Provided material -
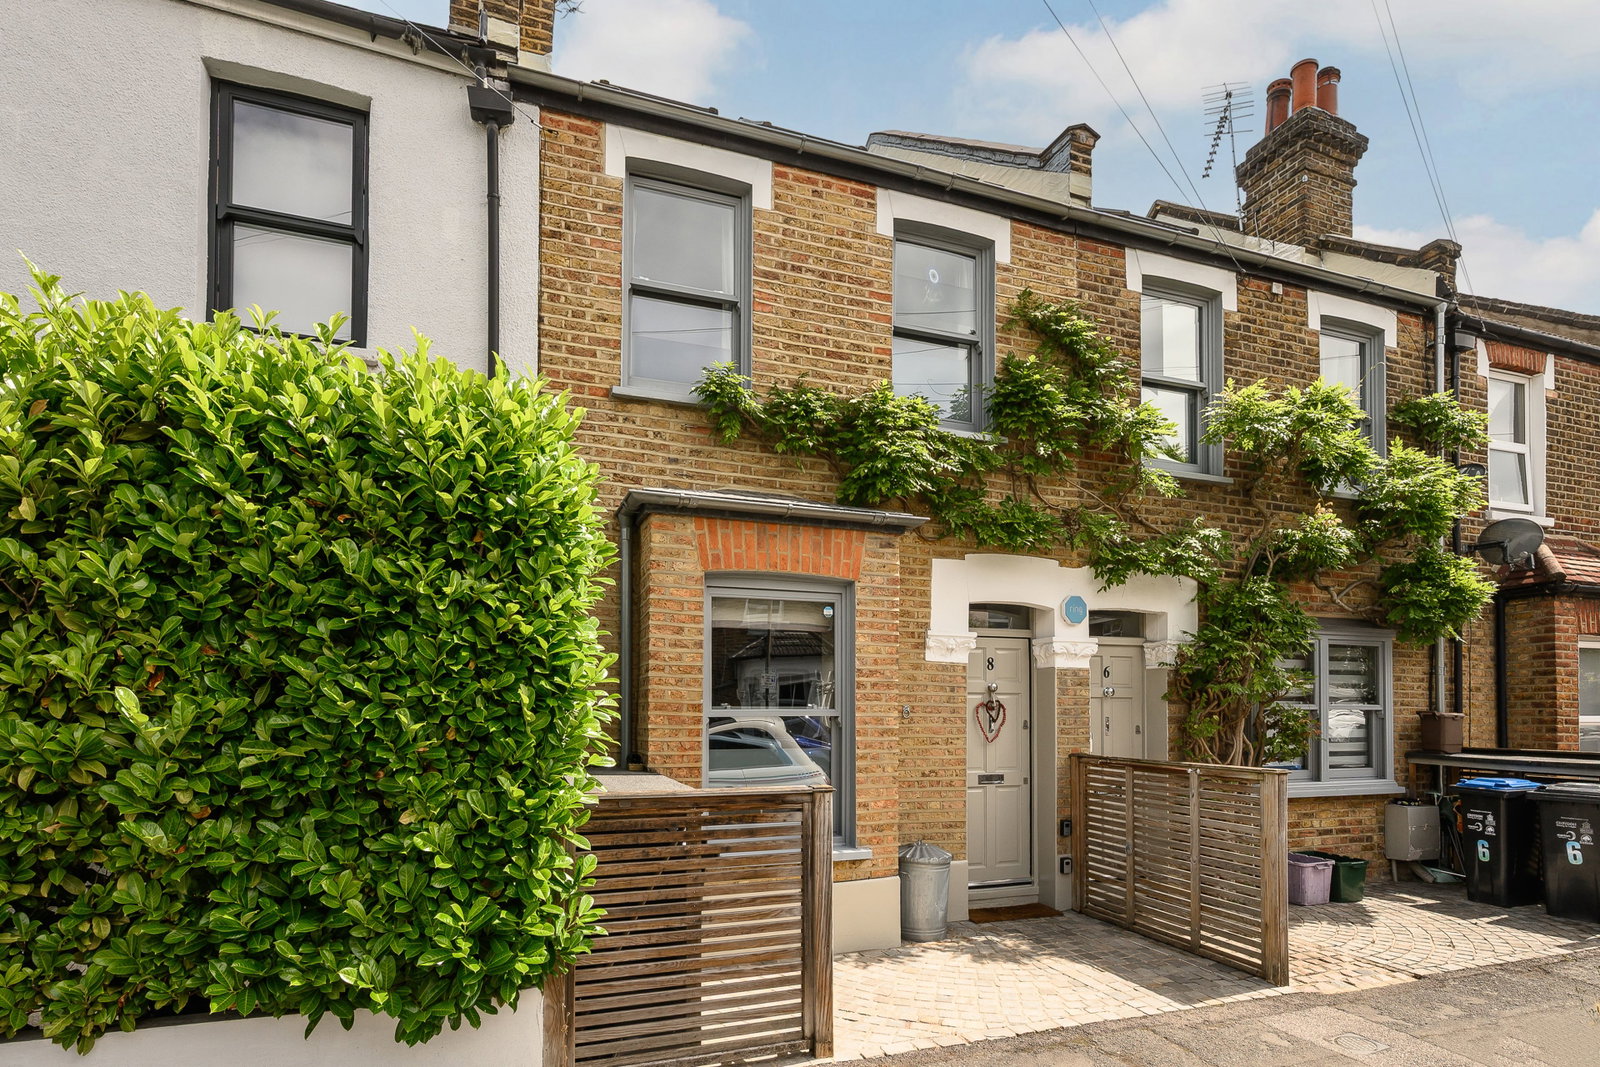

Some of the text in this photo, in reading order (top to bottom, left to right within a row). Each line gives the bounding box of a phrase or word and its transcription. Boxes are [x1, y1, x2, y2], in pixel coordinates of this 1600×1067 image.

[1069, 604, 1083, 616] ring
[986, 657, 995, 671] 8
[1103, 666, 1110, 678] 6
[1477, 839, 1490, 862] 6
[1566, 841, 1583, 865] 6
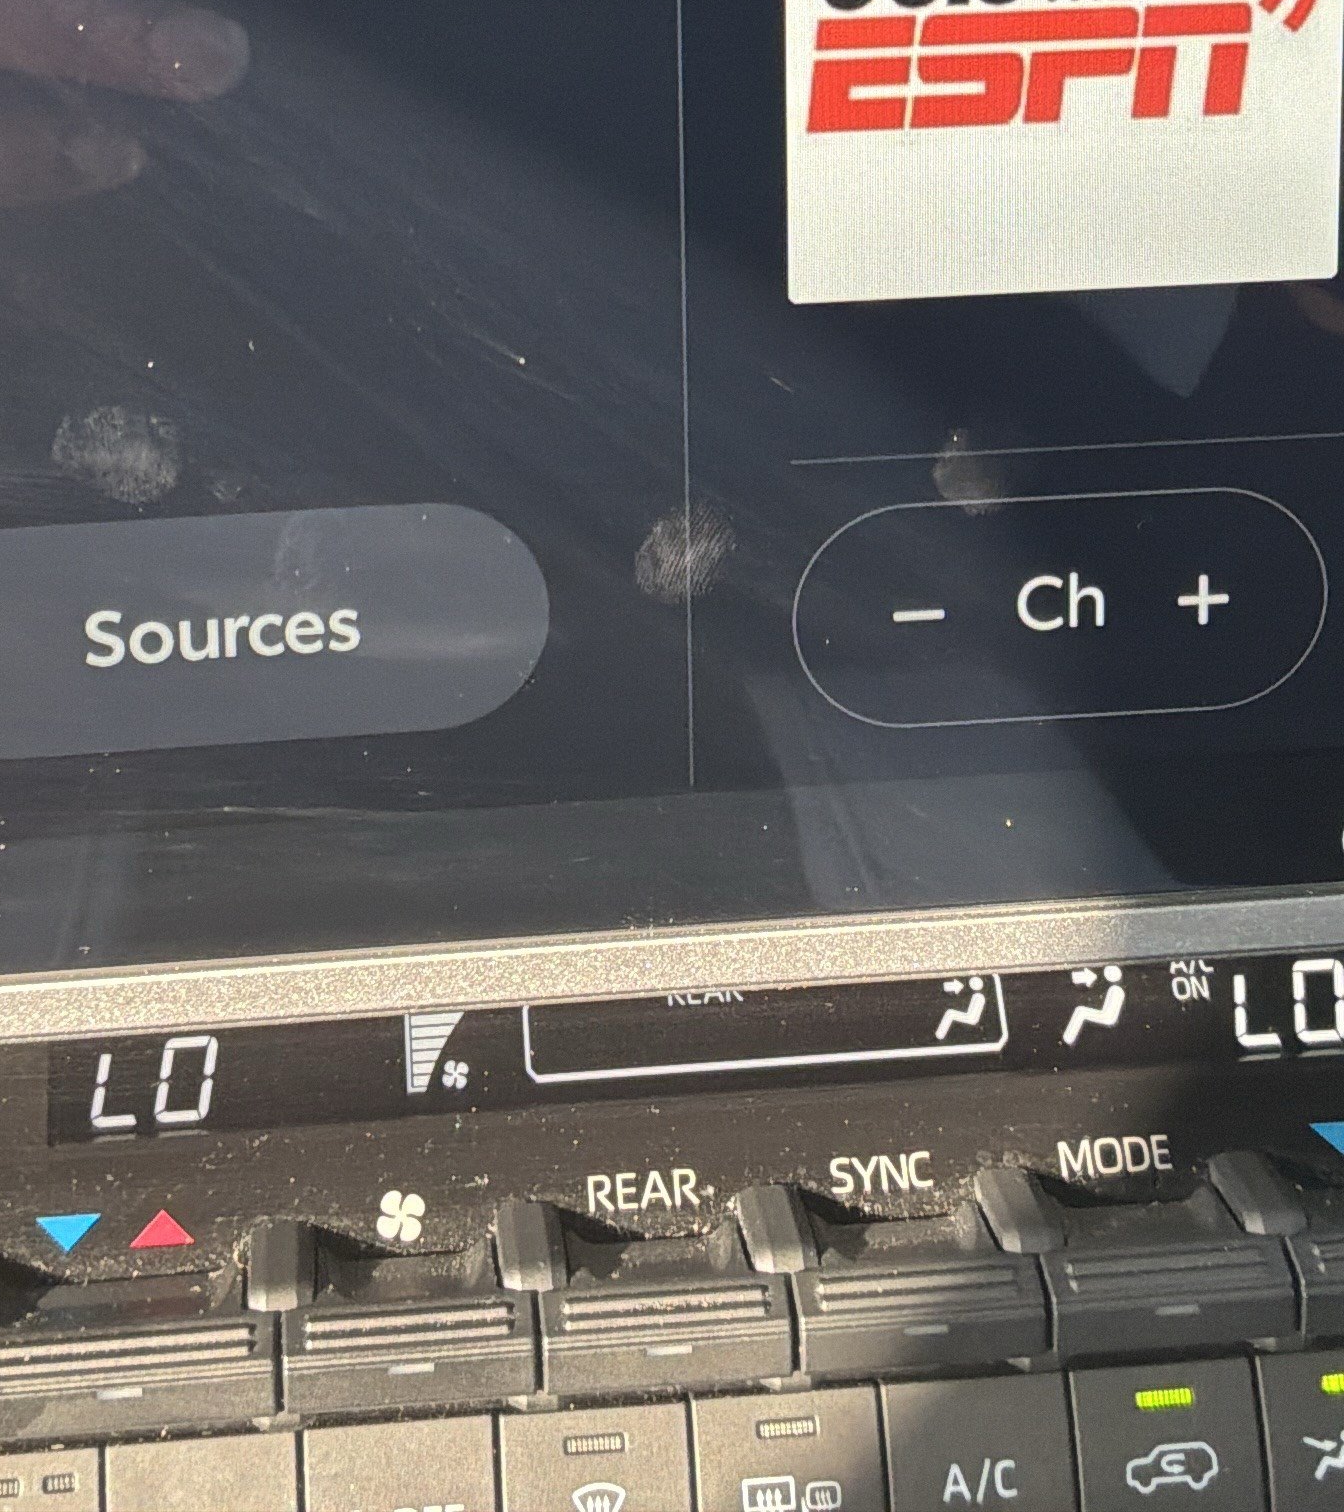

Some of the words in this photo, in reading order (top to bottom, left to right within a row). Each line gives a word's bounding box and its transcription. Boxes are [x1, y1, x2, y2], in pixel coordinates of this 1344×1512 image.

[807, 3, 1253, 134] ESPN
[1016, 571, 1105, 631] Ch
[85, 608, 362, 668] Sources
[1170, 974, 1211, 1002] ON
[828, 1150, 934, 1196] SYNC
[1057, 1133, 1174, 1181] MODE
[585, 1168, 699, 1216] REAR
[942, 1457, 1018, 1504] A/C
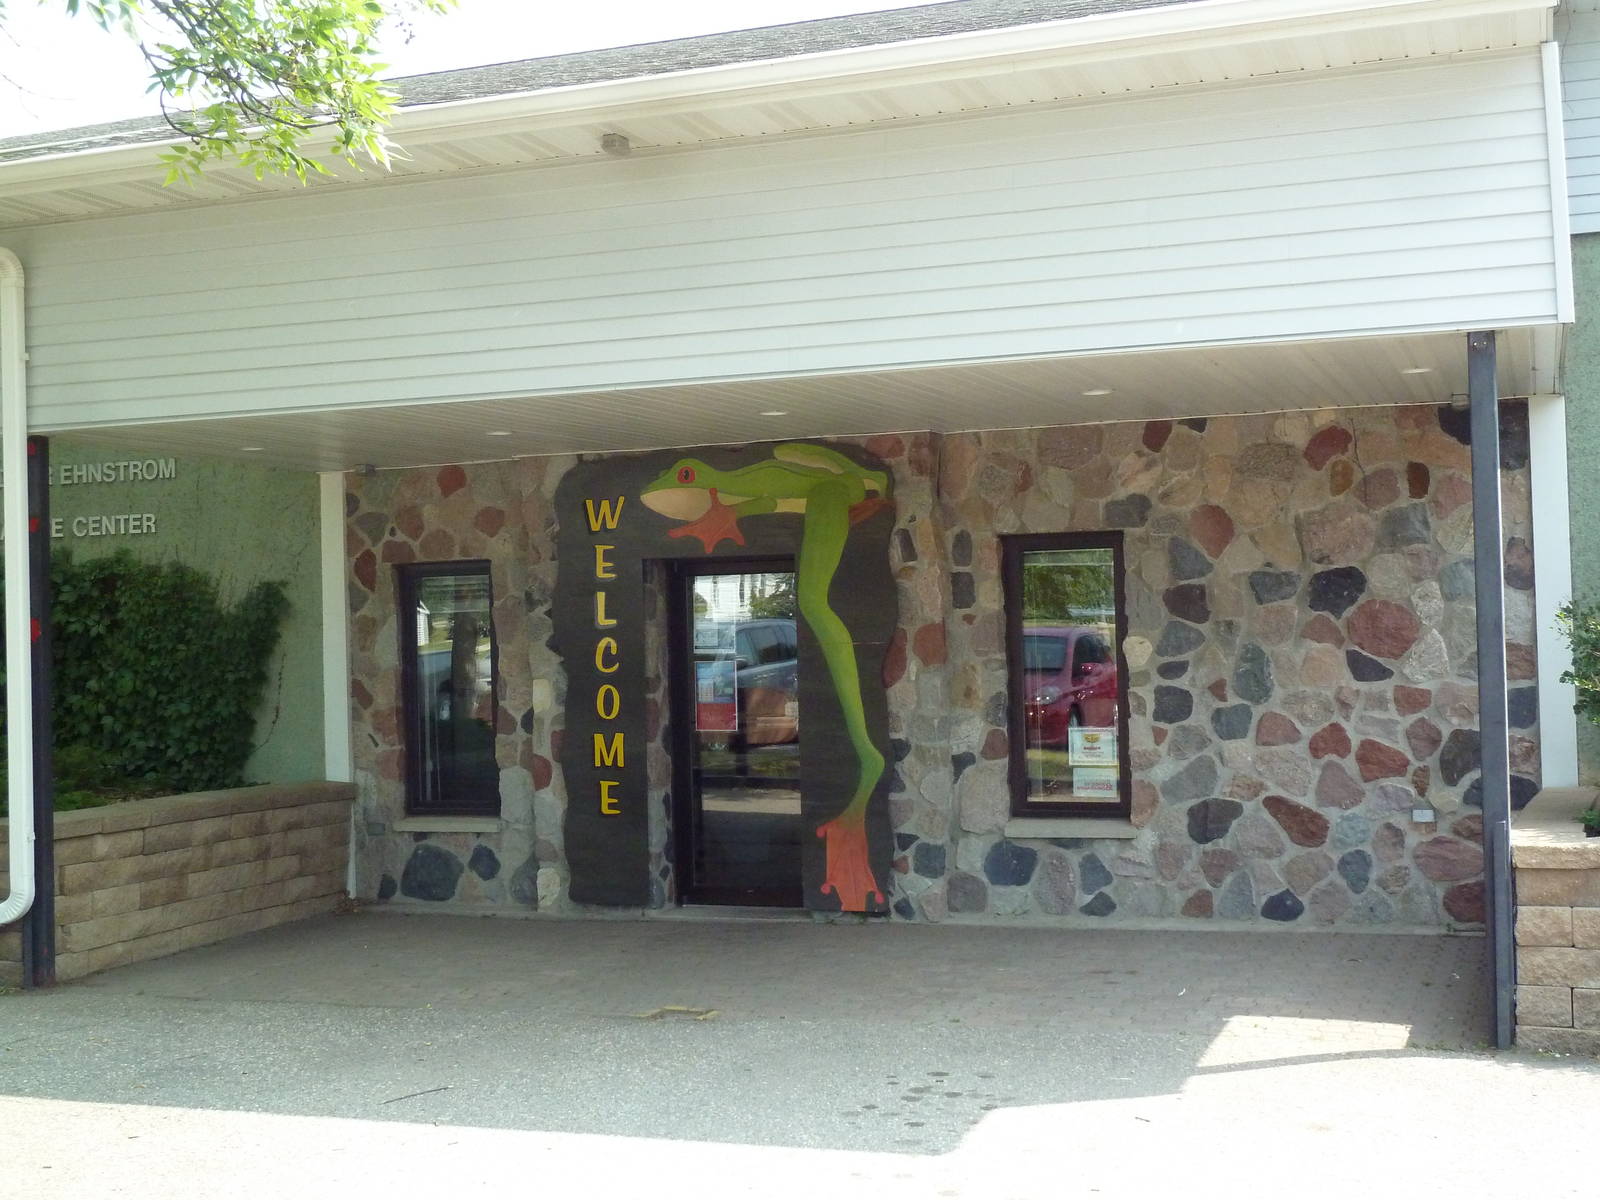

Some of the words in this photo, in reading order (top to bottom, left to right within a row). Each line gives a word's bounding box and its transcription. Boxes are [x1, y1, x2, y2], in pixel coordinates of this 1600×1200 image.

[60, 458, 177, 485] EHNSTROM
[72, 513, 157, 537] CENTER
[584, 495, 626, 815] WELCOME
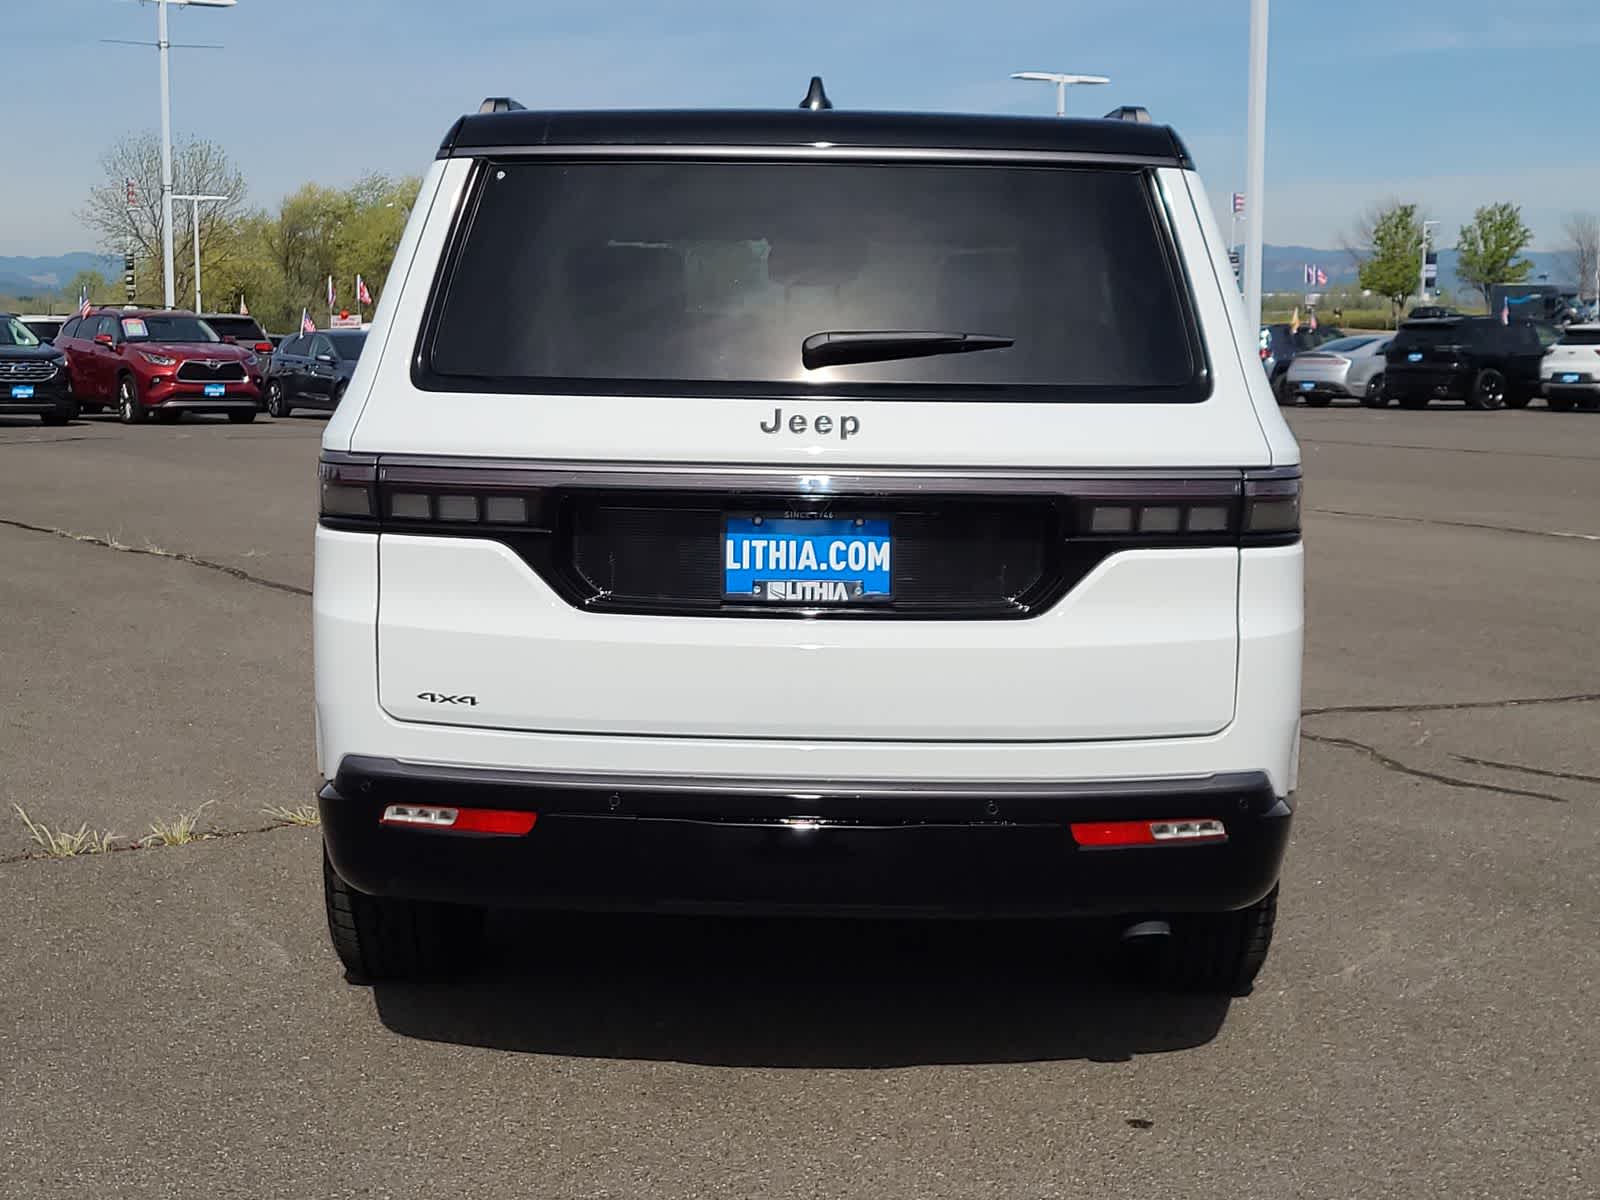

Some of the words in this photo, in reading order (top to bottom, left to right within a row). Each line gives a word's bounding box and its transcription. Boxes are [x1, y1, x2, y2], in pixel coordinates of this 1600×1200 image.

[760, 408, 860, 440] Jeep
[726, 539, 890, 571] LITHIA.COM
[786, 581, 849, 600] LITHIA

Work item -
Would you provide an exact, picture-free copy of the data above?

Task solution -
Some of the text in this photo, in reading order (top to bottom, left to right within a row). Each line gives the bounding box of a phrase or word and its transcription. Boxes are [x1, y1, x2, y2], in pixel coordinates of this 1600×1067 image.

[1069, 604, 1083, 616] ring
[986, 657, 995, 671] 8
[1103, 666, 1110, 678] 6
[1477, 839, 1490, 862] 6
[1566, 841, 1583, 865] 6

Some of the words in this photo, in reading order (top to bottom, left to right within a row). Each line gives a word's bounding box and its transcription. Boxes are [x1, y1, x2, y2], in pixel coordinates of this 1344×1512 image.

[807, 3, 1253, 134] ESPN
[1016, 571, 1105, 631] Ch
[85, 608, 362, 668] Sources
[1170, 974, 1211, 1002] ON
[828, 1150, 934, 1196] SYNC
[1057, 1133, 1174, 1181] MODE
[585, 1168, 699, 1216] REAR
[942, 1457, 1018, 1504] A/C

Some of the words in this photo, in reading order (top to bottom, left to right within a row). Each line gives a word's bounding box and its transcription. Boxes are [x1, y1, x2, y2], in pixel coordinates of this 1600×1200 image.

[60, 458, 177, 485] EHNSTROM
[72, 513, 157, 537] CENTER
[584, 495, 626, 815] WELCOME

Some of the words in this photo, in reading order (top to bottom, left to right within a row). Each line gives a word's bounding box and its transcription. Boxes are [x1, y1, x2, y2], in pixel coordinates of this 1600×1200 image.

[760, 408, 860, 440] Jeep
[726, 539, 890, 571] LITHIA.COM
[786, 581, 849, 600] LITHIA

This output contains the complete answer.